*Problem to work on*
All of the data is to be set down again without any alteration.

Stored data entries
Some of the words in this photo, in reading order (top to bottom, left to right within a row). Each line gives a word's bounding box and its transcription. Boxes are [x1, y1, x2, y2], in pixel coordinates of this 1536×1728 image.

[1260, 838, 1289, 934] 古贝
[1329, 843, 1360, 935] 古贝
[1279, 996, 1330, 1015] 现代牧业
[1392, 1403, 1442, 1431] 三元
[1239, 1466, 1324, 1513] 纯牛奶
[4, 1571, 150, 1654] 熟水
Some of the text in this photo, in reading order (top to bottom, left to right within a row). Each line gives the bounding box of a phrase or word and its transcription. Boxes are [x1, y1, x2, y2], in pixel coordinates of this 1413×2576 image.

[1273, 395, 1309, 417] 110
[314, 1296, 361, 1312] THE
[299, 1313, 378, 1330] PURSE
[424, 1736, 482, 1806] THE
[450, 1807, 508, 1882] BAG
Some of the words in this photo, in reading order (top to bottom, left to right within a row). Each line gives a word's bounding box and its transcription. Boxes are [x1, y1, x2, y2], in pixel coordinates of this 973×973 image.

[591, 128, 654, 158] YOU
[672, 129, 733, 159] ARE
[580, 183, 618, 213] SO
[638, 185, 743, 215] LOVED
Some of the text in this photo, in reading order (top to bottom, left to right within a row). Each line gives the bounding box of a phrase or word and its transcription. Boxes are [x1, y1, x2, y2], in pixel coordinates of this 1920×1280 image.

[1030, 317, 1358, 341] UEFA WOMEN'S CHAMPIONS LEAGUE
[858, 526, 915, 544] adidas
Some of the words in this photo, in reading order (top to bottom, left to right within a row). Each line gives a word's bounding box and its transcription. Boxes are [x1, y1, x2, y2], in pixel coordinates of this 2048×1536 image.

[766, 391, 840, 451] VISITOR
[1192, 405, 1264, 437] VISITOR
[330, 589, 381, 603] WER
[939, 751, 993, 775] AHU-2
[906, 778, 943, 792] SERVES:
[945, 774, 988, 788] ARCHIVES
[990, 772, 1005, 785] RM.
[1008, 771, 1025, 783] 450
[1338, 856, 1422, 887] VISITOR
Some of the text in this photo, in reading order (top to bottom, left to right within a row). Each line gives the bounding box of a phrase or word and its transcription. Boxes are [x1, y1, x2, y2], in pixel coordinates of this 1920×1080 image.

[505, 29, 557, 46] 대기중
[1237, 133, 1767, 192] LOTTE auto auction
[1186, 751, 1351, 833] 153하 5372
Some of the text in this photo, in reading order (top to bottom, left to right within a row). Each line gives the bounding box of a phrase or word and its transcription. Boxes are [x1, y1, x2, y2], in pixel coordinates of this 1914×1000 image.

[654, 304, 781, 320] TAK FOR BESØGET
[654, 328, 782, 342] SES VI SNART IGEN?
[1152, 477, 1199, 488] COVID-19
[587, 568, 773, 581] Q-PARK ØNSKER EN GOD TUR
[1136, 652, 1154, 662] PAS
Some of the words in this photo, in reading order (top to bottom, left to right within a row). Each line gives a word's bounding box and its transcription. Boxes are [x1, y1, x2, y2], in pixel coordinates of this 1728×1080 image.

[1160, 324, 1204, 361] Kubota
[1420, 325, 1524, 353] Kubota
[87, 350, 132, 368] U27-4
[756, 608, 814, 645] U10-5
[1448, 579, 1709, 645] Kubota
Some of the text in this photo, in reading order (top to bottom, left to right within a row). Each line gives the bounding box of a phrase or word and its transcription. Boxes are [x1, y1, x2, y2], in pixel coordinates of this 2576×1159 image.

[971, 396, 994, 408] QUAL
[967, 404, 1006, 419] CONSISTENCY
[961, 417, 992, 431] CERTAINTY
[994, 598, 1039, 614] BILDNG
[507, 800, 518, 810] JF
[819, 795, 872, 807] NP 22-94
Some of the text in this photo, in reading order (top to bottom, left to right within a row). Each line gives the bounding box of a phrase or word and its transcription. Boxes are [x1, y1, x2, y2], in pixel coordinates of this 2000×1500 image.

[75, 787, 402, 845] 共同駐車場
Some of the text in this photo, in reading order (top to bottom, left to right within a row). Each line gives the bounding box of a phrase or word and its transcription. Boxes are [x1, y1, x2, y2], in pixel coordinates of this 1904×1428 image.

*Task answer*
Some of the words in this photo, in reading order (top to bottom, left to right within a row). Each line gives a word's bounding box and its transcription. Boxes are [x1, y1, x2, y2], in pixel coordinates of this 1536×1728 image.

[1260, 838, 1289, 934] 古贝
[1329, 843, 1360, 935] 古贝
[1279, 996, 1330, 1015] 现代牧业
[1392, 1403, 1442, 1431] 三元
[1239, 1466, 1324, 1513] 纯牛奶
[4, 1571, 150, 1654] 熟水
Some of the text in this photo, in reading order (top to bottom, left to right within a row). Each line gives the bounding box of a phrase or word and its transcription. Boxes are [x1, y1, x2, y2], in pixel coordinates of this 1413×2576 image.

[1273, 395, 1309, 417] 110
[314, 1296, 361, 1312] THE
[299, 1313, 378, 1330] PURSE
[424, 1736, 482, 1806] THE
[450, 1807, 508, 1882] BAG
Some of the words in this photo, in reading order (top to bottom, left to right within a row). Each line gives a word's bounding box and its transcription. Boxes are [x1, y1, x2, y2], in pixel coordinates of this 973×973 image.

[591, 128, 654, 158] YOU
[672, 129, 733, 159] ARE
[580, 183, 618, 213] SO
[638, 185, 743, 215] LOVED
Some of the text in this photo, in reading order (top to bottom, left to right within a row). Each line gives the bounding box of a phrase or word and its transcription. Boxes are [x1, y1, x2, y2], in pixel coordinates of this 1920×1280 image.

[1030, 317, 1358, 341] UEFA WOMEN'S CHAMPIONS LEAGUE
[858, 526, 915, 544] adidas
Some of the words in this photo, in reading order (top to bottom, left to right within a row). Each line gives a word's bounding box and its transcription. Boxes are [x1, y1, x2, y2], in pixel coordinates of this 2048×1536 image.

[766, 391, 840, 451] VISITOR
[1192, 405, 1264, 437] VISITOR
[330, 589, 381, 603] WER
[939, 751, 993, 775] AHU-2
[906, 778, 943, 792] SERVES:
[945, 774, 988, 788] ARCHIVES
[990, 772, 1005, 785] RM.
[1008, 771, 1025, 783] 450
[1338, 856, 1422, 887] VISITOR
Some of the text in this photo, in reading order (top to bottom, left to right within a row). Each line gives the bounding box of a phrase or word and its transcription. Boxes are [x1, y1, x2, y2], in pixel coordinates of this 1920×1080 image.

[505, 29, 557, 46] 대기중
[1237, 133, 1767, 192] LOTTE auto auction
[1186, 751, 1351, 833] 153하 5372
Some of the text in this photo, in reading order (top to bottom, left to right within a row). Each line gives the bounding box of a phrase or word and its transcription. Boxes are [x1, y1, x2, y2], in pixel coordinates of this 1914×1000 image.

[654, 304, 781, 320] TAK FOR BESØGET
[654, 328, 782, 342] SES VI SNART IGEN?
[1152, 477, 1199, 488] COVID-19
[587, 568, 773, 581] Q-PARK ØNSKER EN GOD TUR
[1136, 652, 1154, 662] PAS
Some of the words in this photo, in reading order (top to bottom, left to right within a row). Each line gives a word's bounding box and its transcription. Boxes are [x1, y1, x2, y2], in pixel coordinates of this 1728×1080 image.

[1160, 324, 1204, 361] Kubota
[1420, 325, 1524, 353] Kubota
[87, 350, 132, 368] U27-4
[756, 608, 814, 645] U10-5
[1448, 579, 1709, 645] Kubota
Some of the text in this photo, in reading order (top to bottom, left to right within a row). Each line gives the bounding box of a phrase or word and its transcription. Boxes are [x1, y1, x2, y2], in pixel coordinates of this 2576×1159 image.

[971, 396, 994, 408] QUAL
[967, 404, 1006, 419] CONSISTENCY
[961, 417, 992, 431] CERTAINTY
[994, 598, 1039, 614] BILDNG
[507, 800, 518, 810] JF
[819, 795, 872, 807] NP 22-94
Some of the text in this photo, in reading order (top to bottom, left to right within a row). Each line gives the bounding box of a phrase or word and its transcription. Boxes are [x1, y1, x2, y2], in pixel coordinates of this 2000×1500 image.

[75, 787, 402, 845] 共同駐車場
Some of the text in this photo, in reading order (top to bottom, left to right within a row). Each line gives the bounding box of a phrase or word and its transcription. Boxes are [x1, y1, x2, y2], in pixel coordinates of this 1904×1428 image.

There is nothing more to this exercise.